» **Try it**
Locate "this 2212×1659 image." in the records below, then copy its line and every following line exactly, without the pictures.

» **Records shown**
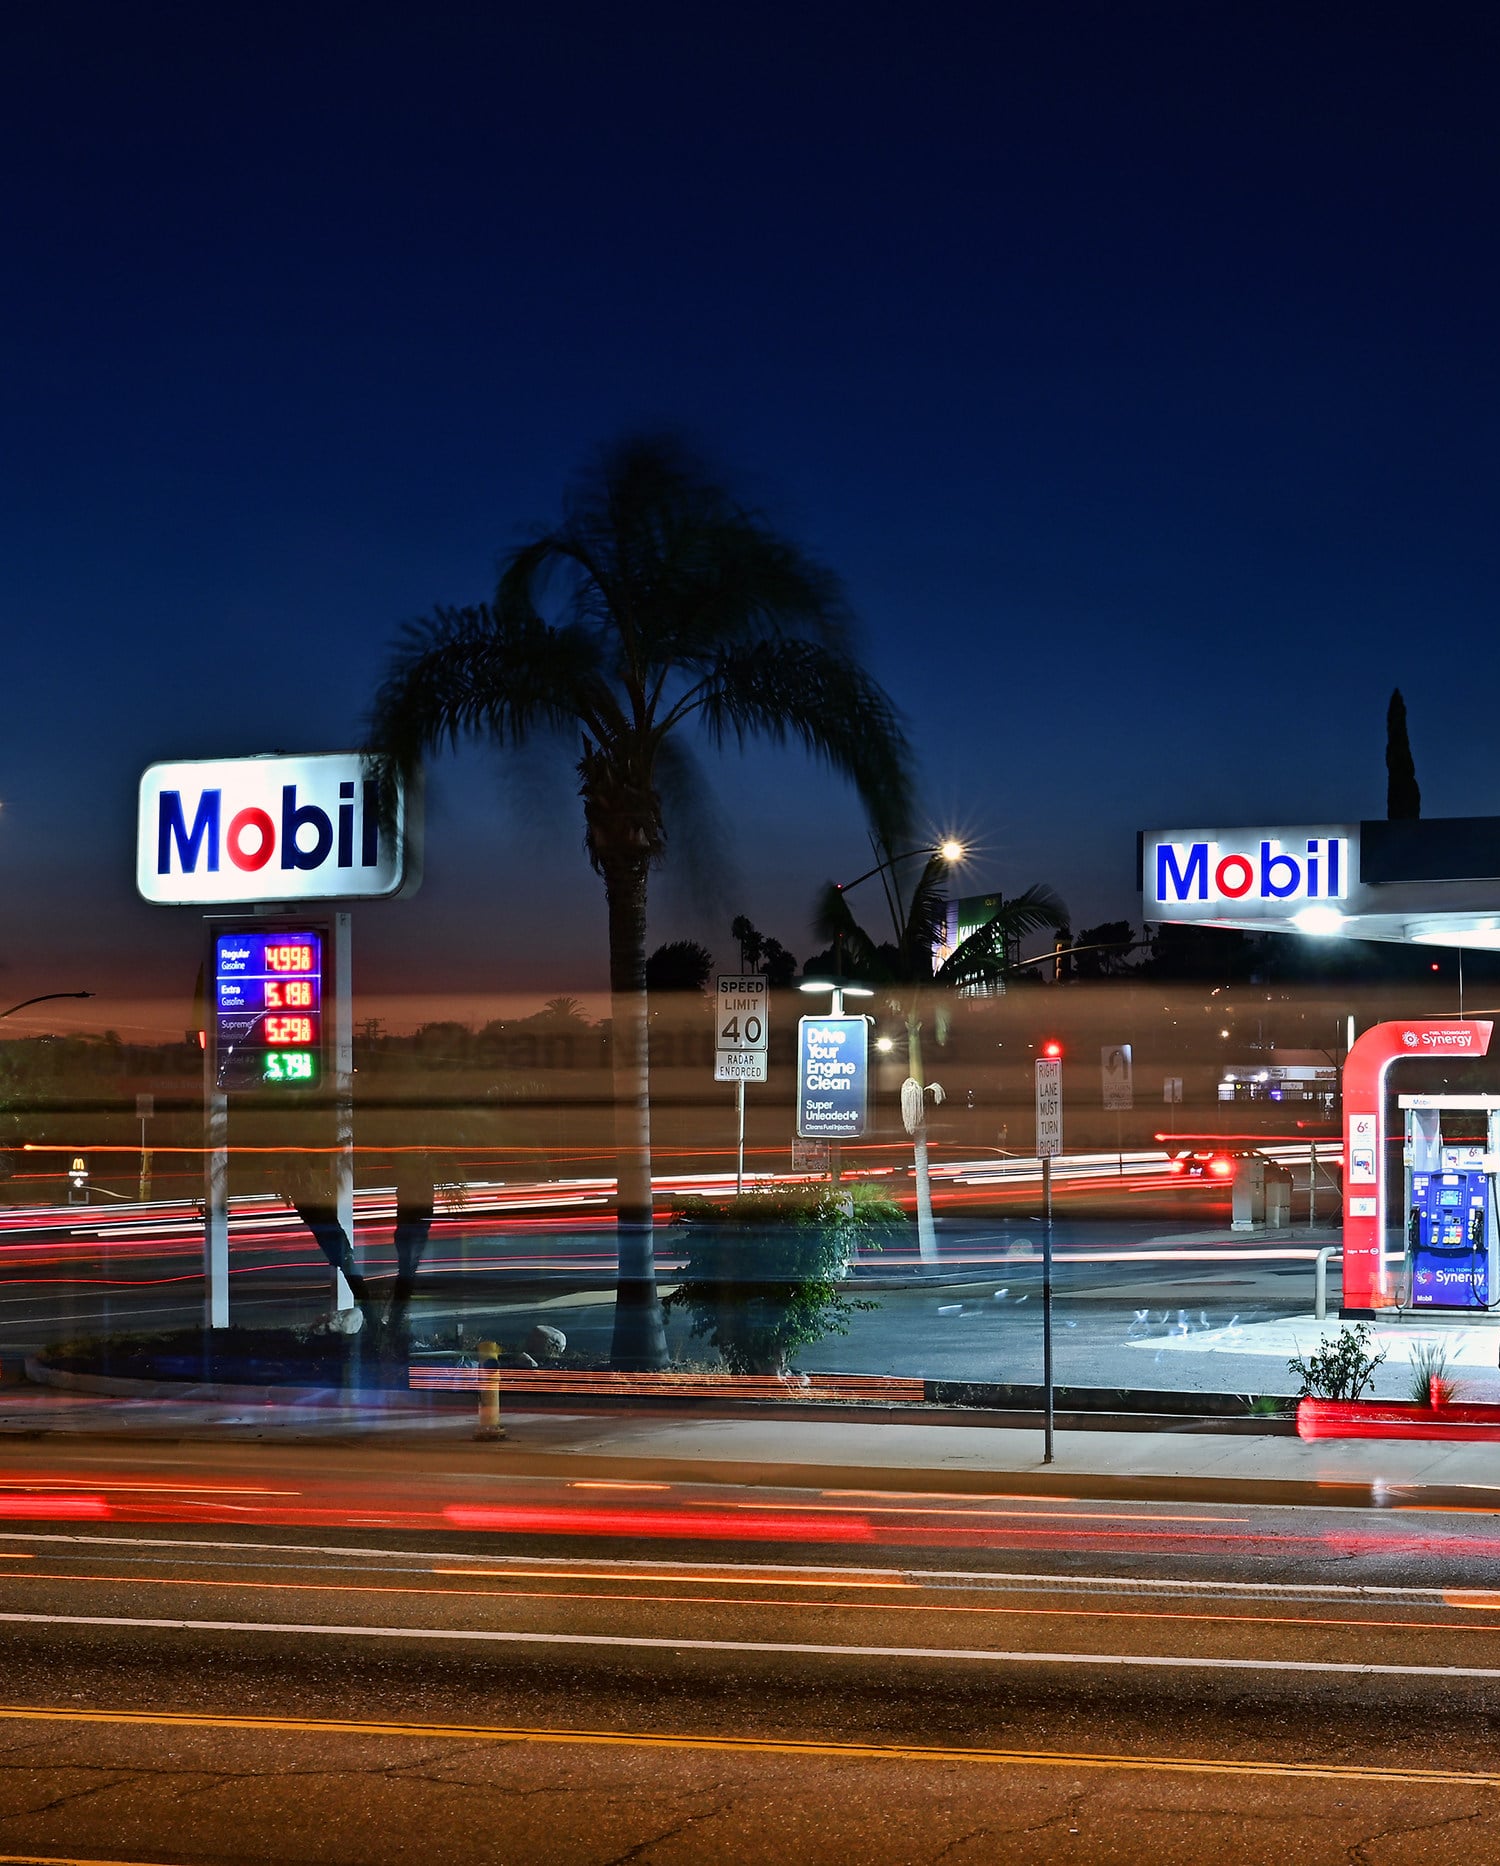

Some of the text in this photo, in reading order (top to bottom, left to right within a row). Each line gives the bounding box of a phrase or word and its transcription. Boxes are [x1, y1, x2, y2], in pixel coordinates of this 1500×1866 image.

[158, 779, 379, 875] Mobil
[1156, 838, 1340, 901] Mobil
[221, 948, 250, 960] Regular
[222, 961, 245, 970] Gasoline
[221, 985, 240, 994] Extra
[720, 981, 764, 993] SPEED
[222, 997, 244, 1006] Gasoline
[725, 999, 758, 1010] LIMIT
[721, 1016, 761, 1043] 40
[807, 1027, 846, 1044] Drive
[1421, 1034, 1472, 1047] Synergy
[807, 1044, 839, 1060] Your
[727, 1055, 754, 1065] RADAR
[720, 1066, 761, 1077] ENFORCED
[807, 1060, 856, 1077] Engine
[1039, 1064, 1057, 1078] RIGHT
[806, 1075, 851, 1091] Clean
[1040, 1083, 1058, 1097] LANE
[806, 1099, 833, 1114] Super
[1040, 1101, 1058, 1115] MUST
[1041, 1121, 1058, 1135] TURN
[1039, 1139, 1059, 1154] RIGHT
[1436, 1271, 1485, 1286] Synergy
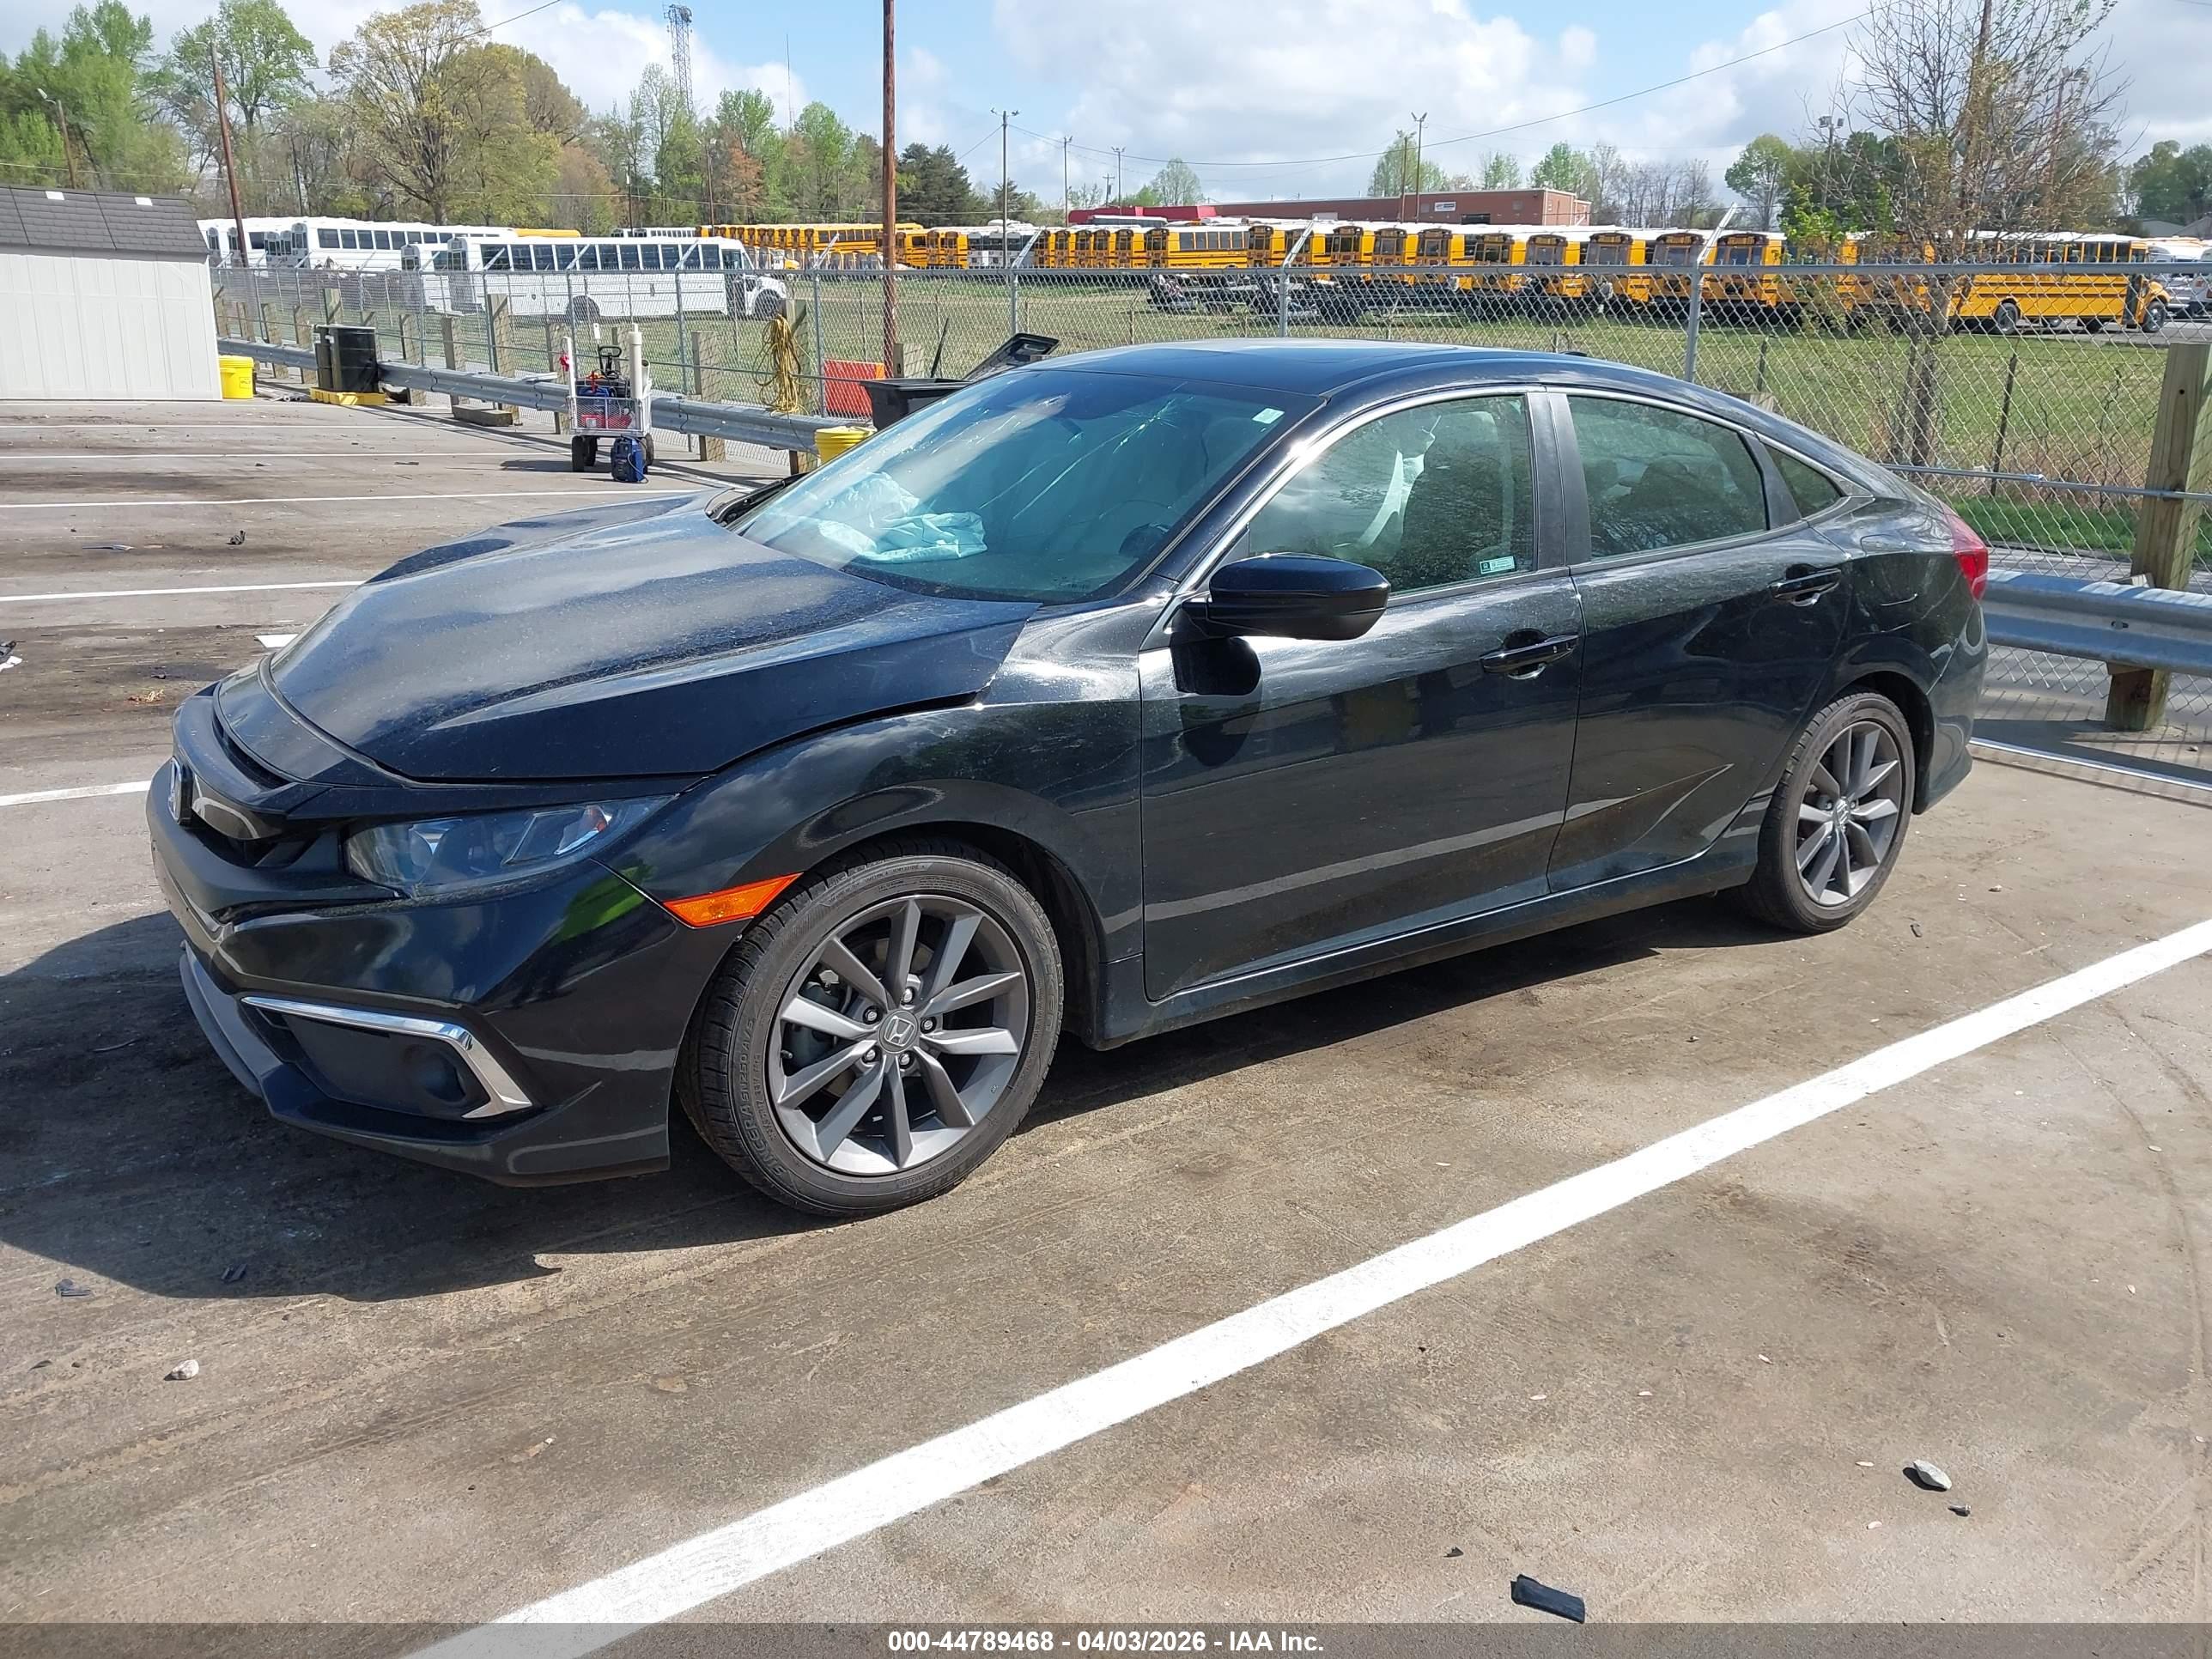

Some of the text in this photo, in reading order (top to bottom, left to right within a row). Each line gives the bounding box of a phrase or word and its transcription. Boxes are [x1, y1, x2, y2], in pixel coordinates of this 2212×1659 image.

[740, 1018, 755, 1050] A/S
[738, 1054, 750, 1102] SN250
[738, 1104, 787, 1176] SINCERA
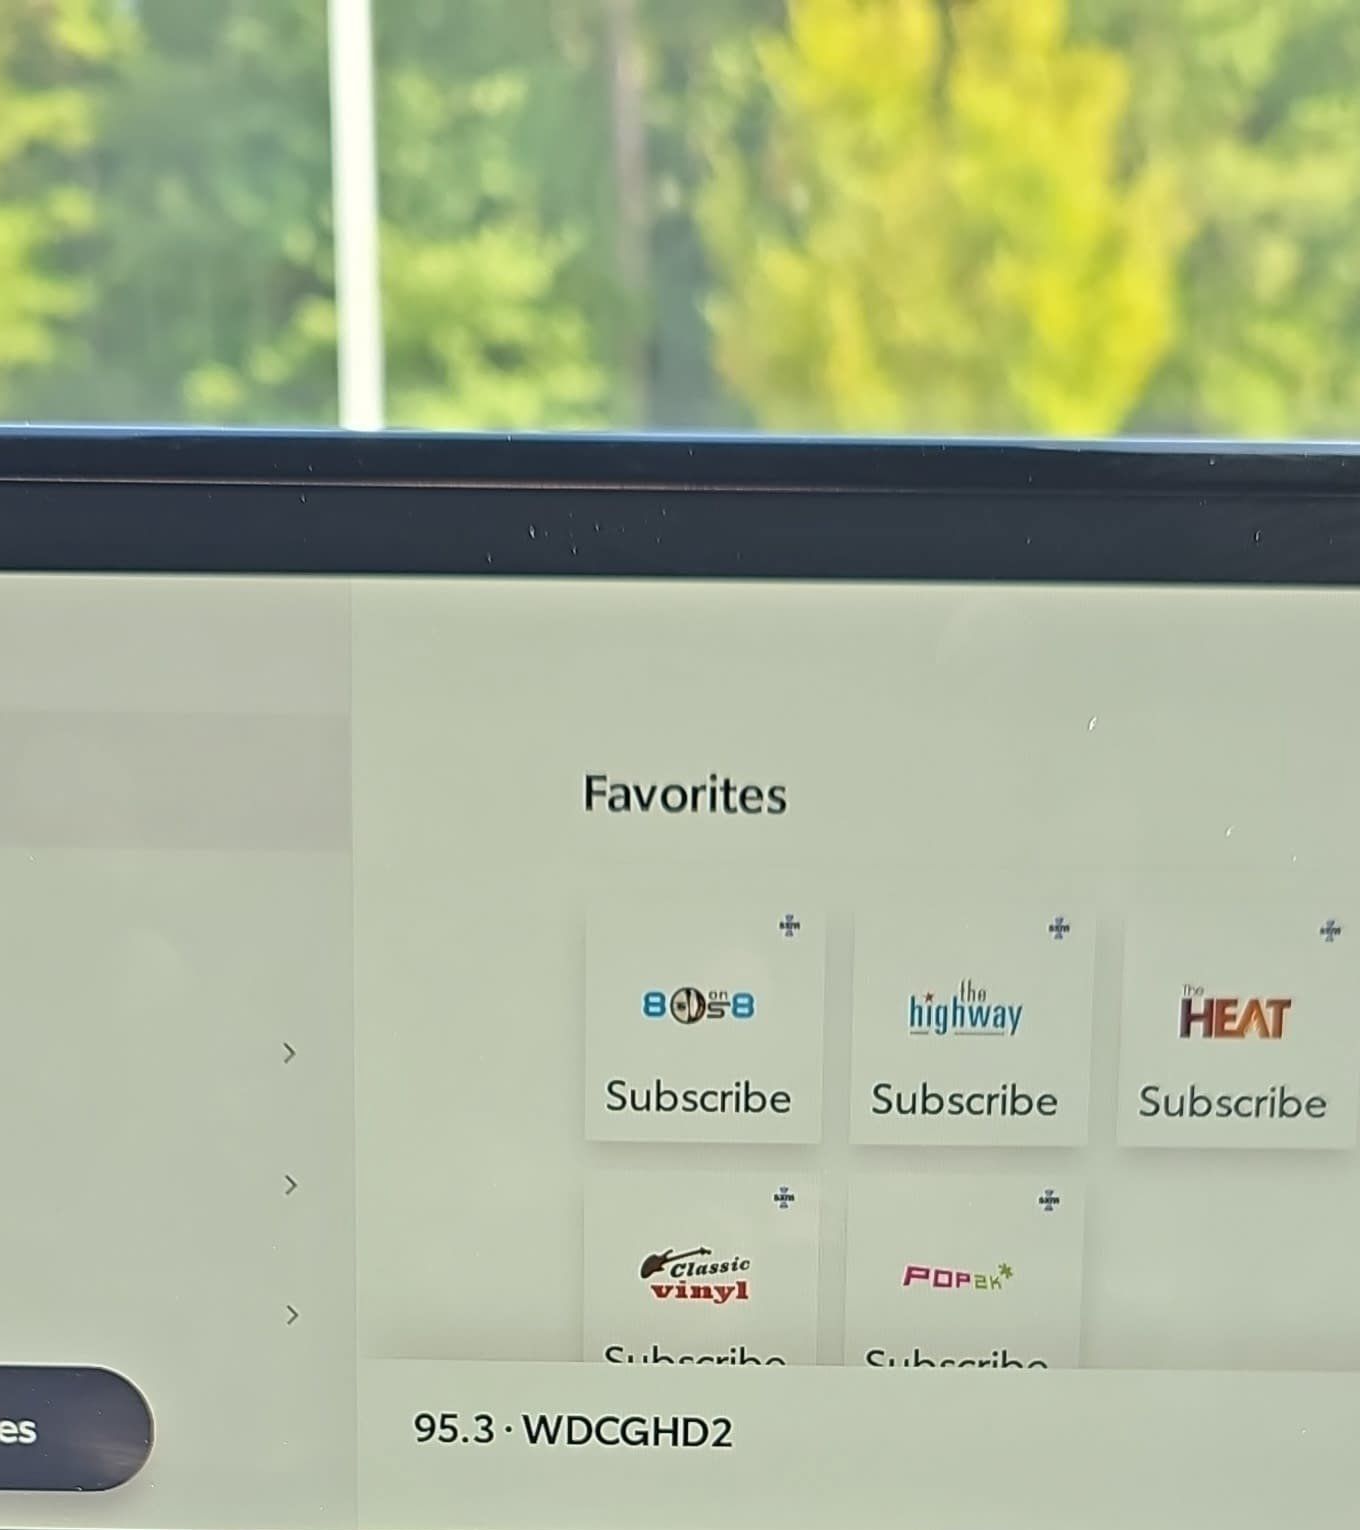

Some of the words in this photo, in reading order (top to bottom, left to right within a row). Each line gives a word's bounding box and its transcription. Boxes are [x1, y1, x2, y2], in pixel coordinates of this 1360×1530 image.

» **Problem solution**
Some of the text in this photo, in reading order (top to bottom, left to right within a row). Each line gives the bounding box of a phrase or word and its transcription. Boxes are [x1, y1, x2, y2], in pixel coordinates of this 2212×1659 image.

[740, 1018, 755, 1050] A/S
[738, 1054, 750, 1102] SN250
[738, 1104, 787, 1176] SINCERA

Some of the words in this photo, in reading order (top to bottom, left to right within a row). Each line gives a word's bounding box and its transcription. Boxes are [x1, y1, x2, y2], in pixel coordinates of this 1360×1530 image.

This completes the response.